Zigzag Calorie Cycling: A Novel Path to Weight Loss

DECEMBER 02, 2014
Jeannette Y. Wick, RPh, MBA, FASCP
 
People who need to lose weight often look for diets that deliver results with little inconvenience or sacrifice. In the last decade, some dieters have turned to alternate day fasting (ADF, also called zigzag caloric cycling), and this is an effective path to weight loss for certain individuals. It is based on studies in which animals alternated between free feeding and complete fasting every other day. In humans, zigzagging is modified so that the dieter eats the number of calories required to maintain weight one day, and then 25% of his or her energy needs on the fast day. Studies have shown that individuals who are compliant with this pattern can lose 4% to 8% of their body weight over 8 to 12 weeks. In addition, they tend to also experience reductions in low density lipoprotein (LDL) cholesterol, triglycerides, systolic blood pressure, insulin resistance, and increases in LDL particle size.
 
Researchers at the University of Chicago in Illinois wondered if ADF is tolerable for most people.
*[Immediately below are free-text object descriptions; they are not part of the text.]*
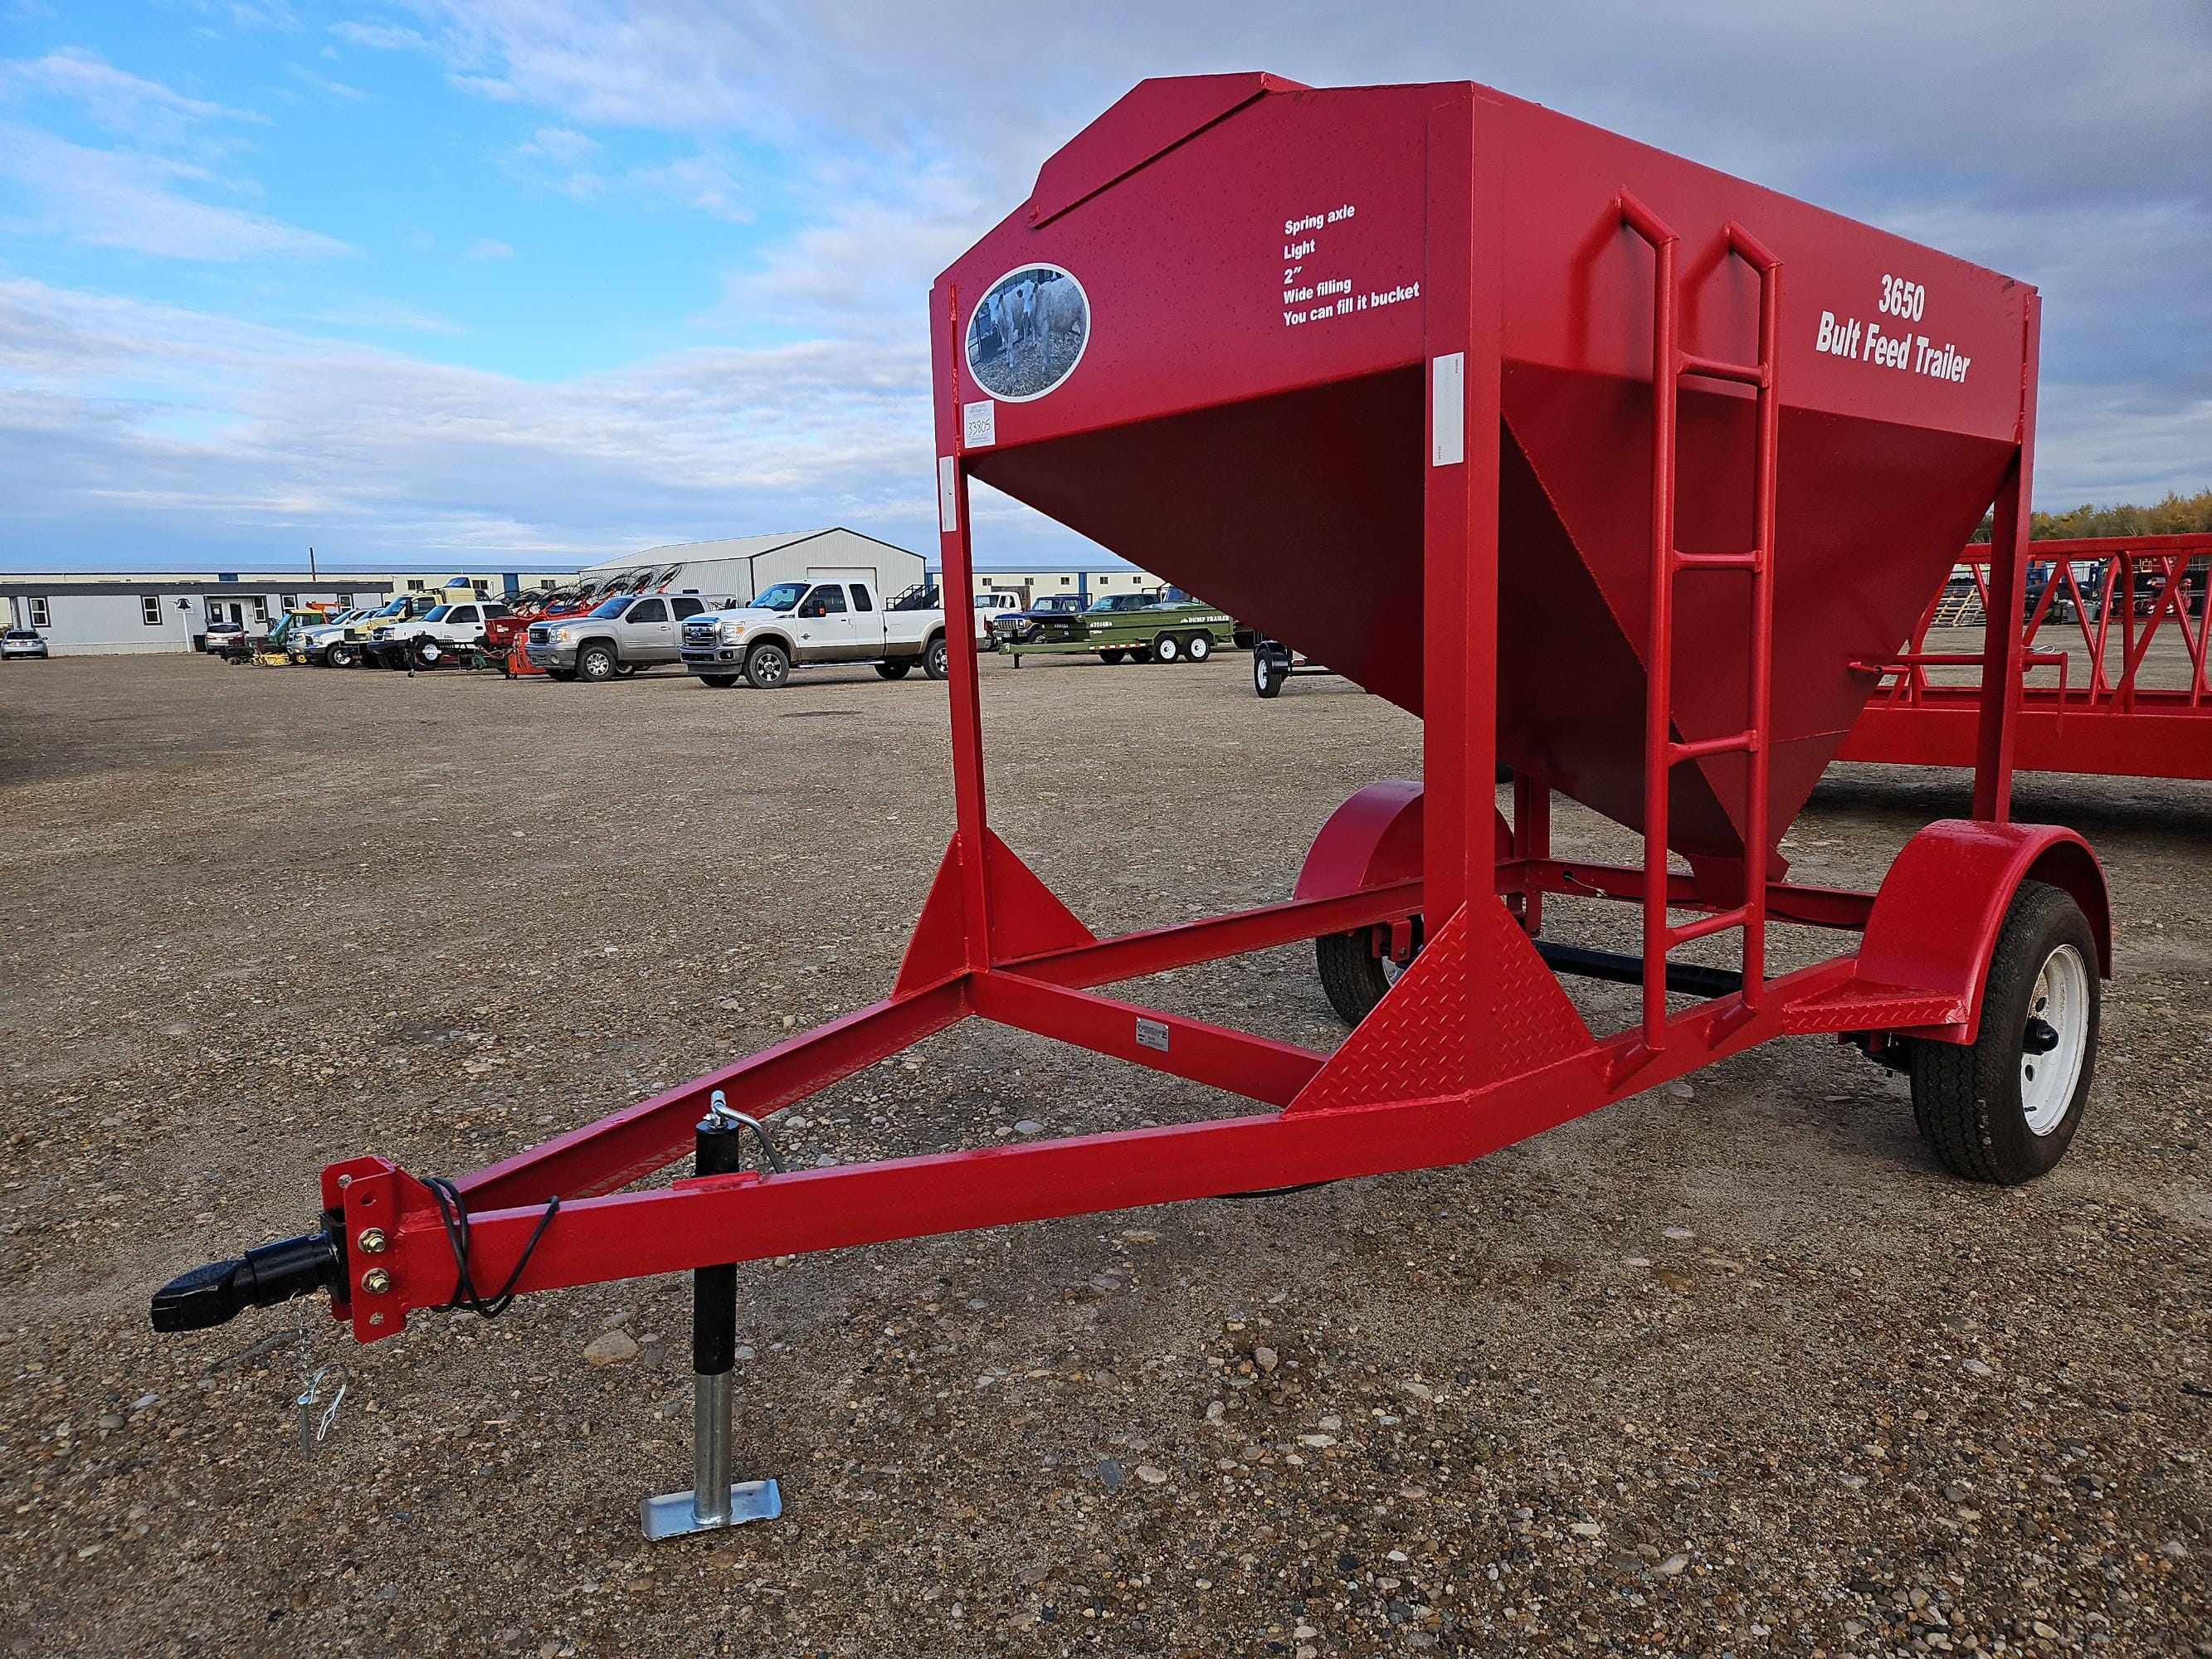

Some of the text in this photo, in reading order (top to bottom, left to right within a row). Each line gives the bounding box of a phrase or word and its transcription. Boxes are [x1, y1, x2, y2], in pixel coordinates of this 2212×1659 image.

[1284, 204, 1356, 236] Spring axle
[1284, 239, 1316, 260] Light
[1283, 278, 1352, 304] Wide filling
[1283, 281, 1420, 327] You can fill it bucket
[1878, 274, 1925, 322] 3650
[1815, 310, 1971, 383] Bult Feed Trailer
[968, 417, 992, 436] 33805
They structured a study to look at whether changing the times dieters consumed calories on the fasting day would make a difference.
 
They randomized 74 participants with BMI between 30 and 39.9 kg/m2 to one of three arms:
  • ADF-L with 25% of energy requirements consumed at lunch every other day
  • ADF-D with 25% of energy requirements consumed at dinner every other day
  • ADF with 25% of energy requirements consumed throughout the day every other day
They compared effects on body weight and heart disease risk. Participants ate their normal diets in the 2 week run-in period, and then followed a weight-loss ADF plan. On fast days, they typically consumed 500 calories.
 
Participants in all arms experienced similar reductions in body weight and lost approximately 4 kg during the 10 week study period. They also had similar reductions in fat mass and visceral fat; they lost 75% of weight as fat and 25% lean.
 
This study showed that regardless of when fasting day meals were consumed, participants lost weight. They also experienced improved cardiovascular parameters. Zigzag caloric cycling may be a good option for patients interested in losing weight and willing to restrict calories every other day.